■ Activity
Your copy should match the records exactly, except that it contains no pictures.

[Data extracted from a collection]
=== Begin Enclosure ===

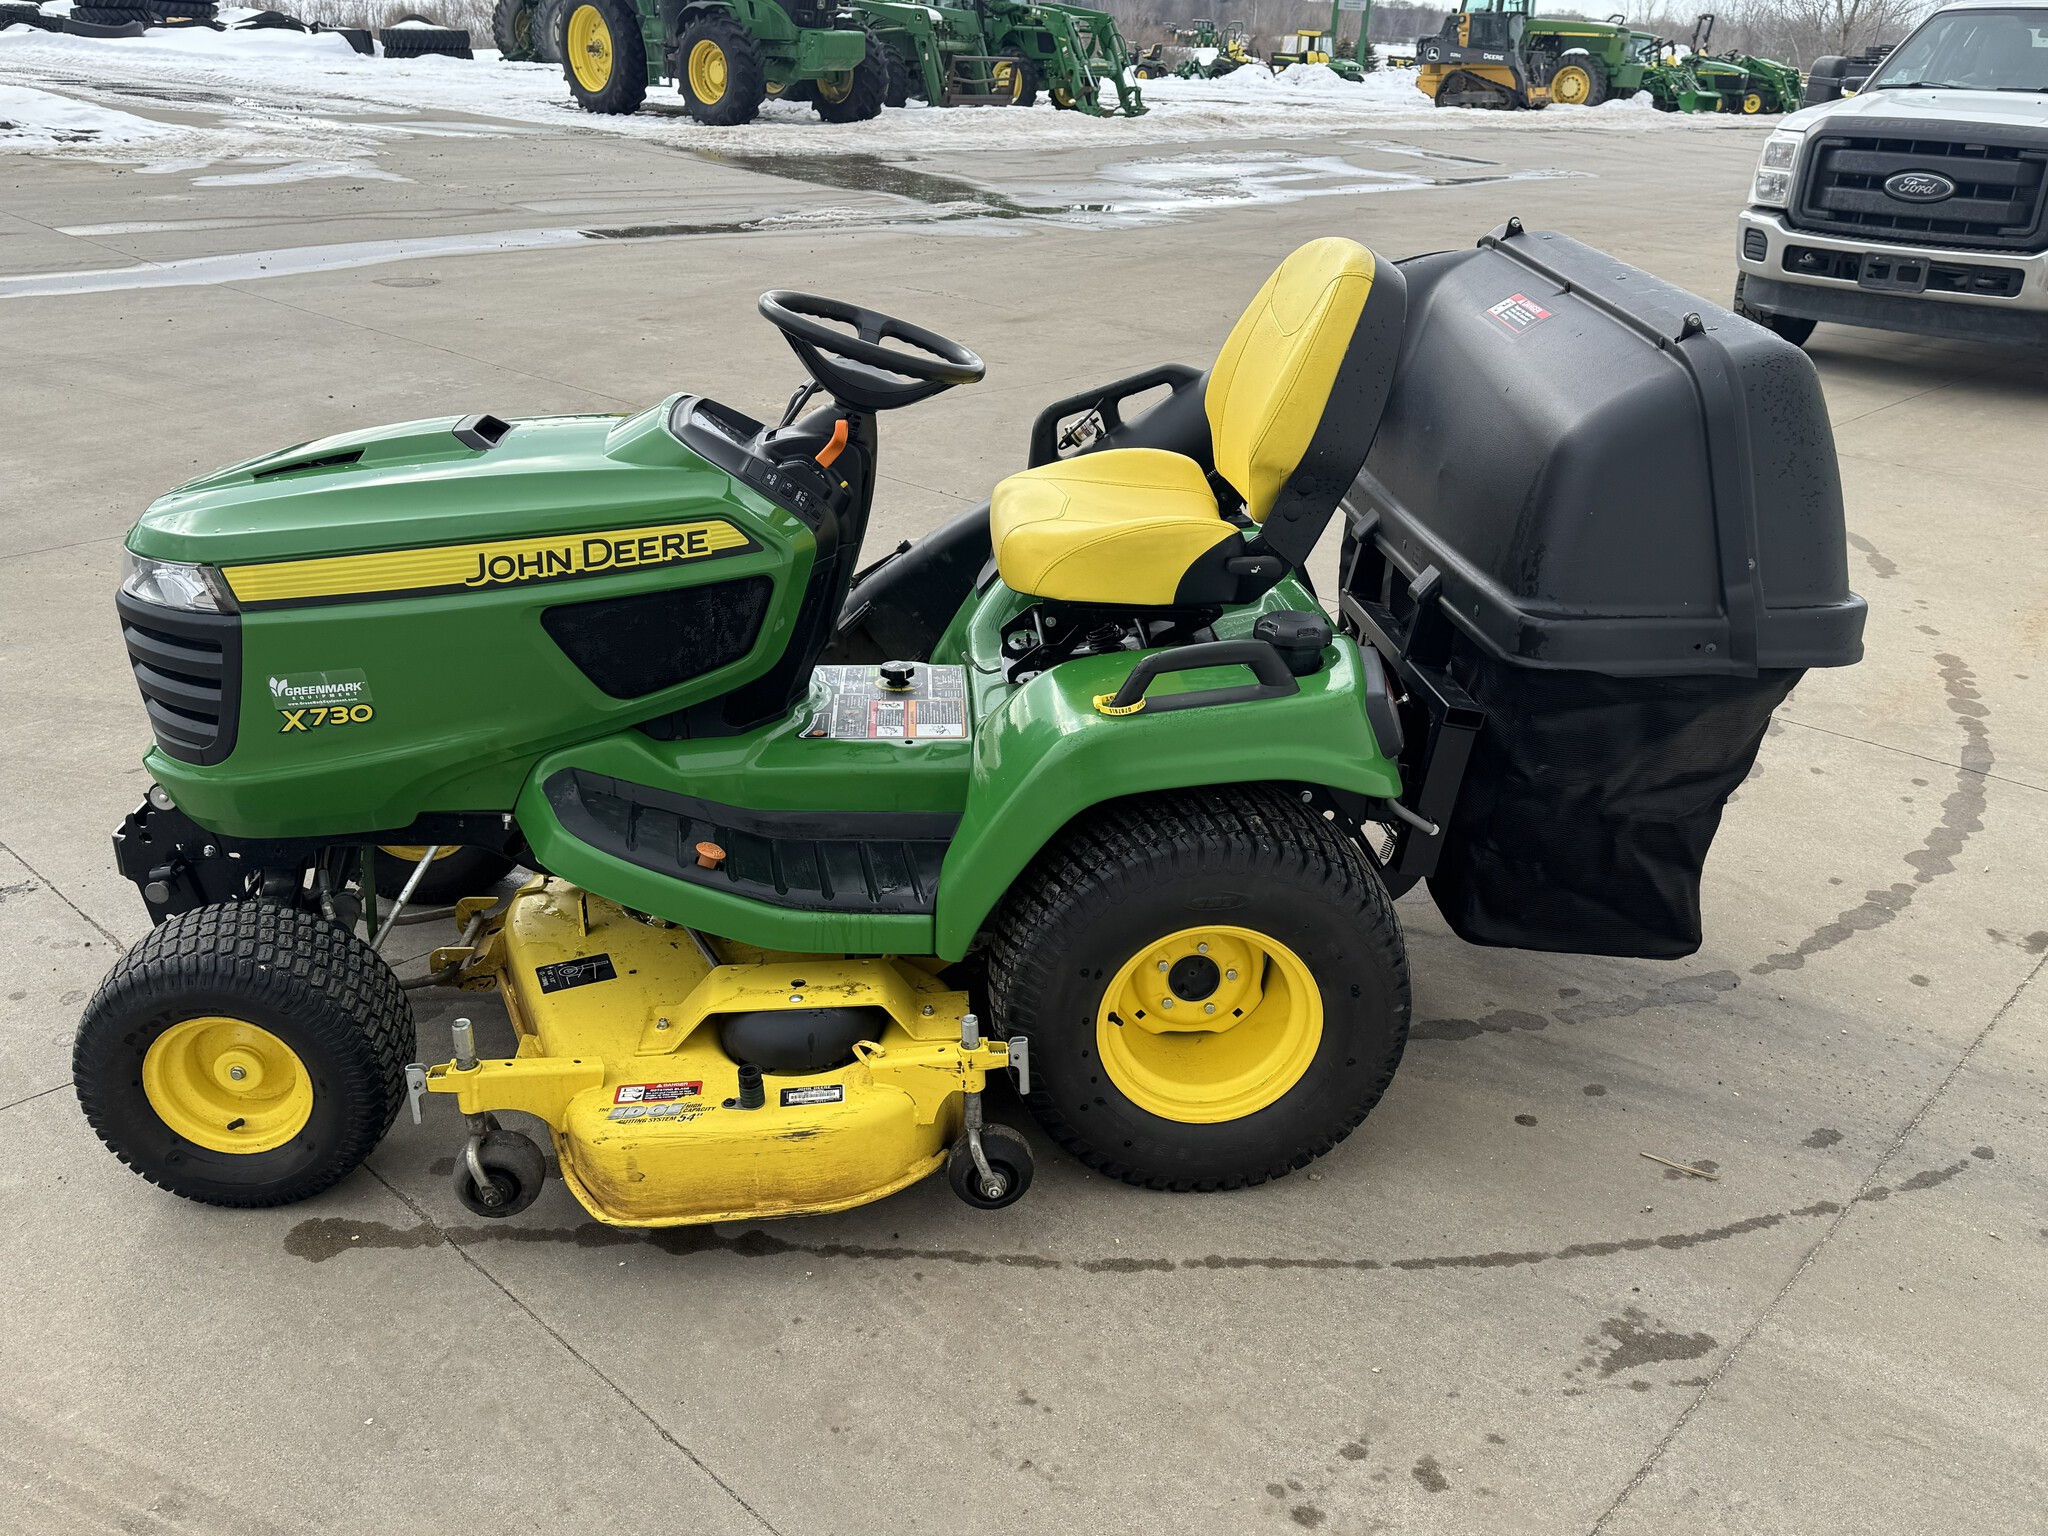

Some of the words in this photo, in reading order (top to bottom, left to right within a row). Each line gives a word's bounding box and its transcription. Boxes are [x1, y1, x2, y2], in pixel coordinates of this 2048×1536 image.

[1483, 52, 1504, 61] DEERE
[1851, 119, 1940, 131] SUPER
[1953, 124, 2035, 137] DUTY
[1898, 176, 1937, 195] Ford
[465, 552, 572, 583] JOHN
[582, 529, 709, 568] DEERE
[285, 682, 362, 696] GREENMARK
[292, 691, 358, 701] EQUIPMENT
[280, 704, 373, 732] X730
[605, 1103, 687, 1120] EDGE
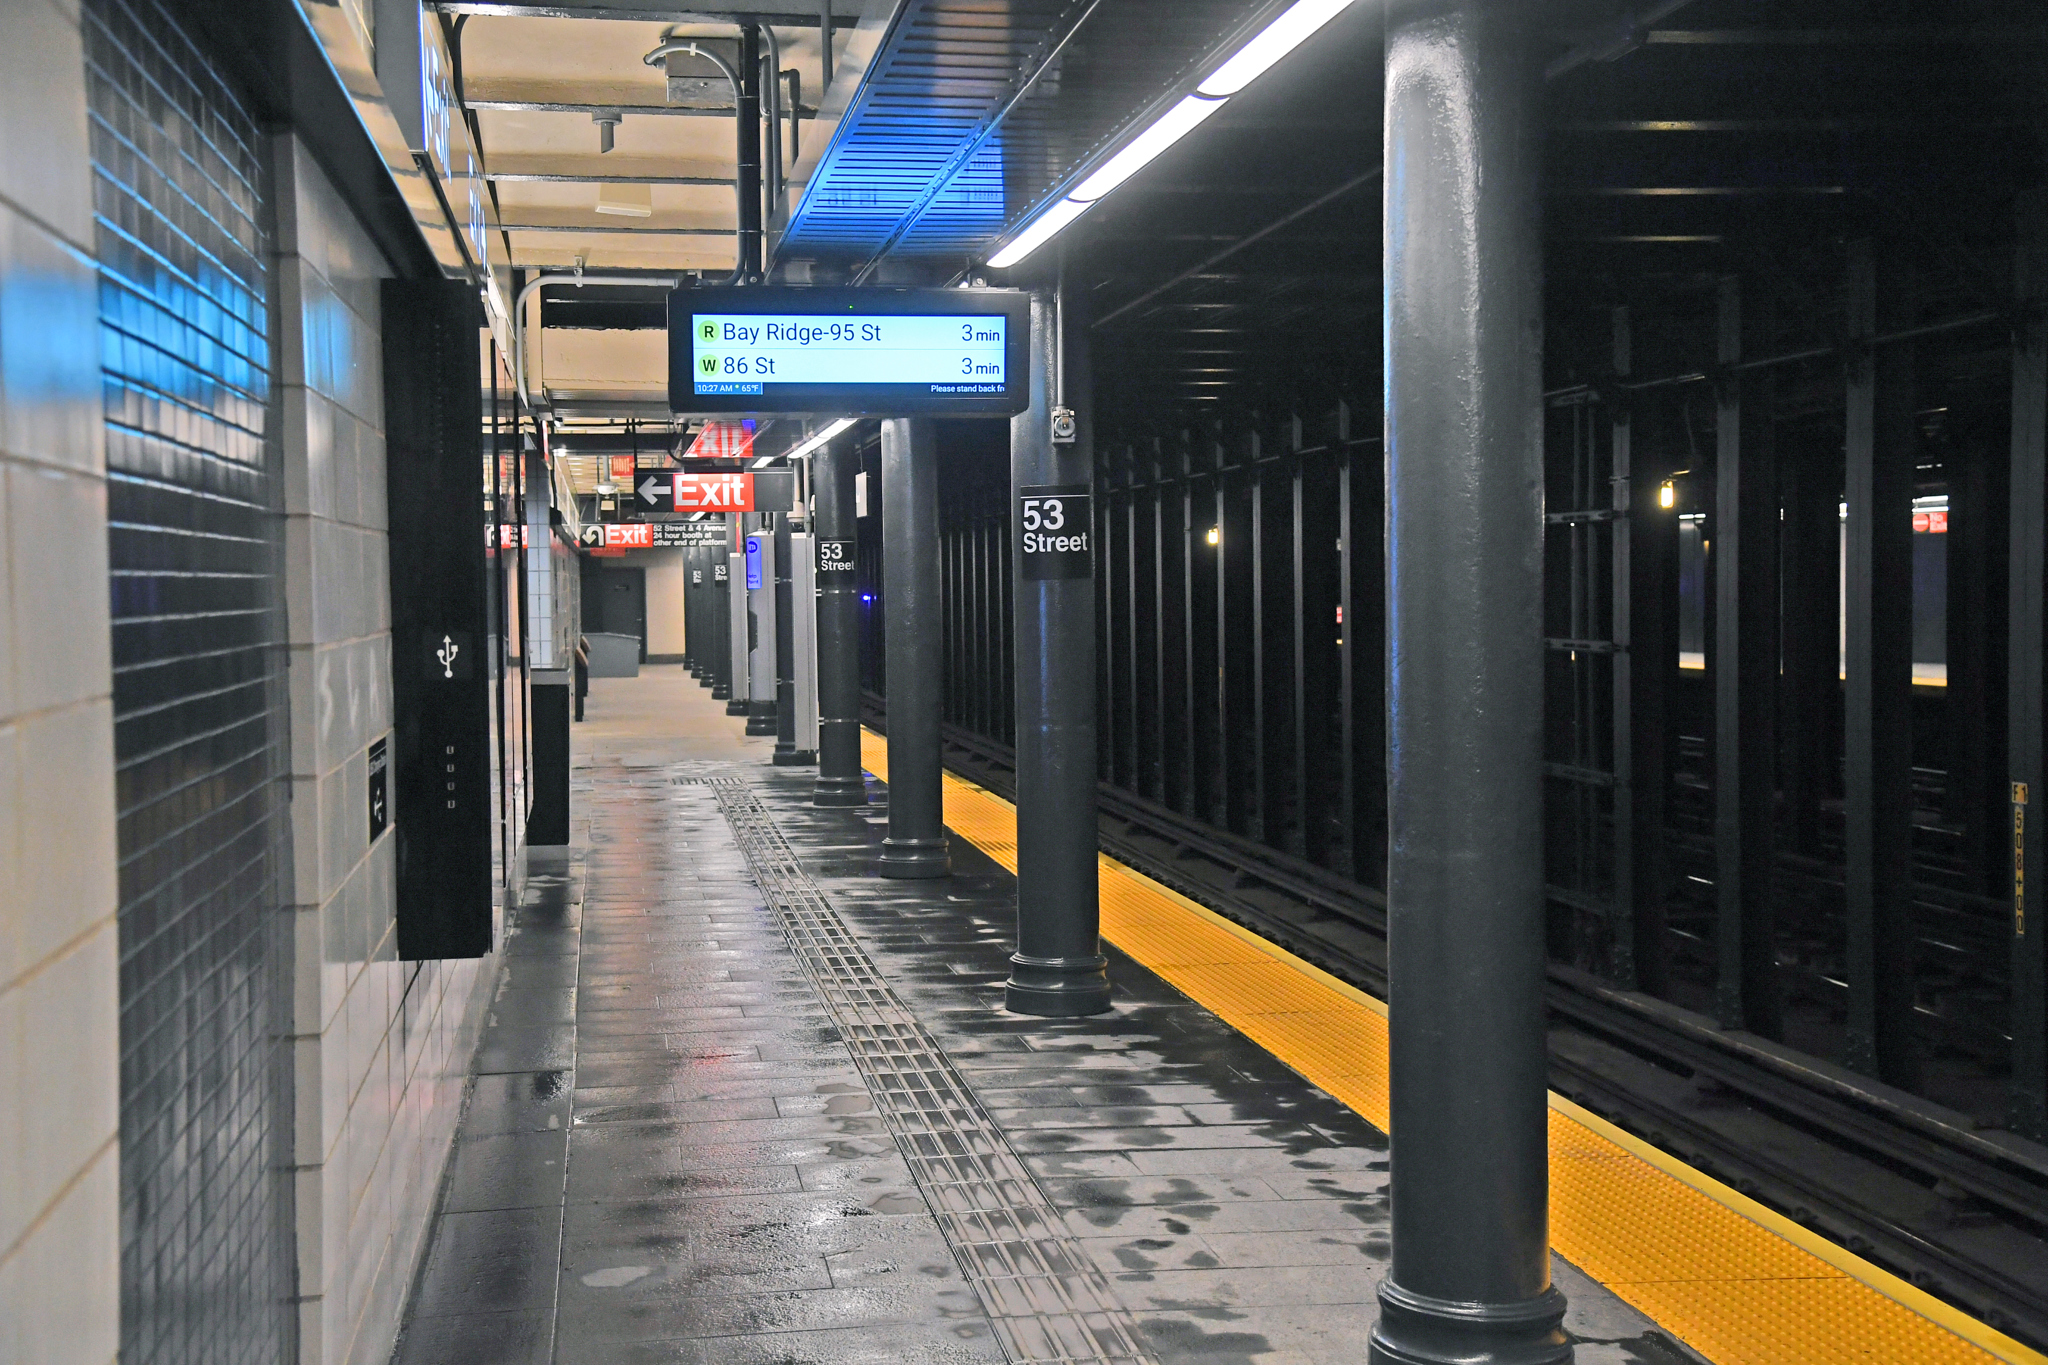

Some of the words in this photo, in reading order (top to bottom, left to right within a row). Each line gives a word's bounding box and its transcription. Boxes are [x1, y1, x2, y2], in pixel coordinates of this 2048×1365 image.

[704, 325, 714, 338] R
[723, 323, 760, 345] Bay
[767, 323, 855, 345] Ridge-95
[861, 323, 881, 341] St
[961, 323, 973, 341] 3
[976, 329, 1000, 341] min
[702, 359, 716, 372] W
[723, 356, 748, 374] 86
[755, 356, 776, 374] St
[961, 357, 973, 374] 3
[976, 362, 1000, 374] min
[697, 384, 718, 392] 10:27
[719, 384, 733, 392] AM
[930, 384, 956, 393] Please
[956, 384, 977, 393] stand
[978, 384, 996, 393] back
[675, 474, 745, 506] Exit
[1023, 499, 1064, 531] 53
[606, 525, 648, 545] Exit
[1023, 532, 1088, 553] Street
[821, 543, 843, 559] 53
[714, 565, 727, 575] 53
[821, 560, 855, 571] Street
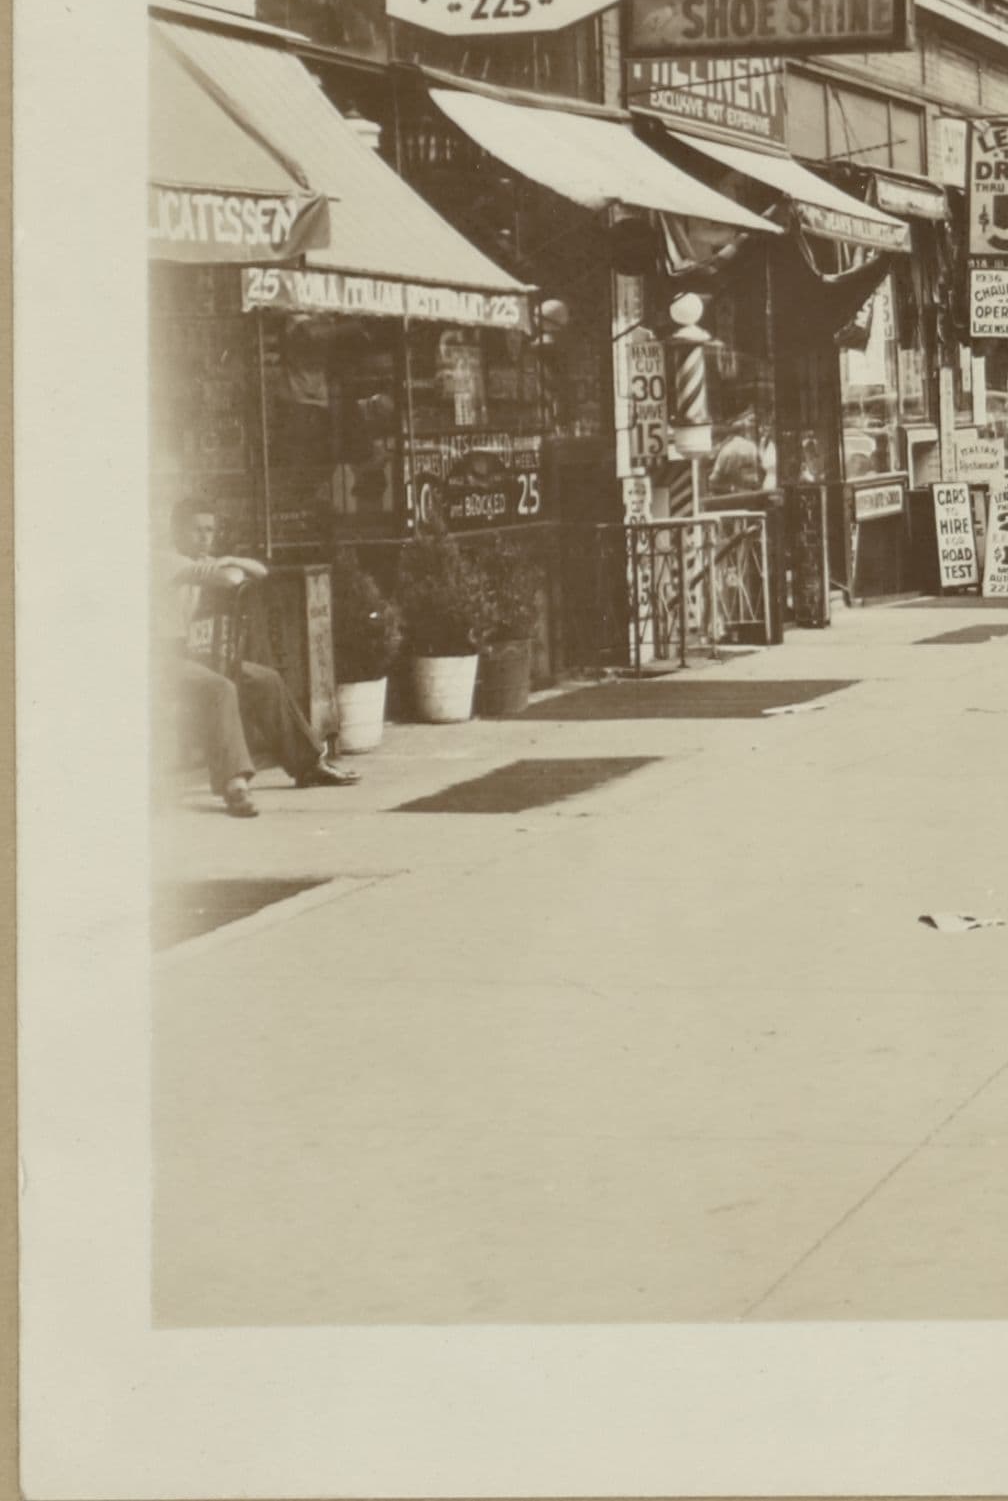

=== End Enclosure ===

■ Result for this task
Some of the words in this photo, in reading order (top to bottom, left to right within a row). Each line gives a word's bounding box and its transcription. Boxes are [x1, y1, x2, y2], in pixel coordinates of this 2048×1536 image.

[1483, 52, 1504, 61] DEERE
[1851, 119, 1940, 131] SUPER
[1953, 124, 2035, 137] DUTY
[1898, 176, 1937, 195] Ford
[465, 552, 572, 583] JOHN
[582, 529, 709, 568] DEERE
[285, 682, 362, 696] GREENMARK
[292, 691, 358, 701] EQUIPMENT
[280, 704, 373, 732] X730
[605, 1103, 687, 1120] EDGE

Some of the words in this photo, in reading order (top to bottom, left to right within a row). Each line gives a word's bounding box and its transcription. Boxes are [x1, y1, x2, y2], in pixel coordinates of this 2048×1365 image.

[704, 325, 714, 338] R
[723, 323, 760, 345] Bay
[767, 323, 855, 345] Ridge-95
[861, 323, 881, 341] St
[961, 323, 973, 341] 3
[976, 329, 1000, 341] min
[702, 359, 716, 372] W
[723, 356, 748, 374] 86
[755, 356, 776, 374] St
[961, 357, 973, 374] 3
[976, 362, 1000, 374] min
[697, 384, 718, 392] 10:27
[719, 384, 733, 392] AM
[930, 384, 956, 393] Please
[956, 384, 977, 393] stand
[978, 384, 996, 393] back
[675, 474, 745, 506] Exit
[1023, 499, 1064, 531] 53
[606, 525, 648, 545] Exit
[1023, 532, 1088, 553] Street
[821, 543, 843, 559] 53
[714, 565, 727, 575] 53
[821, 560, 855, 571] Street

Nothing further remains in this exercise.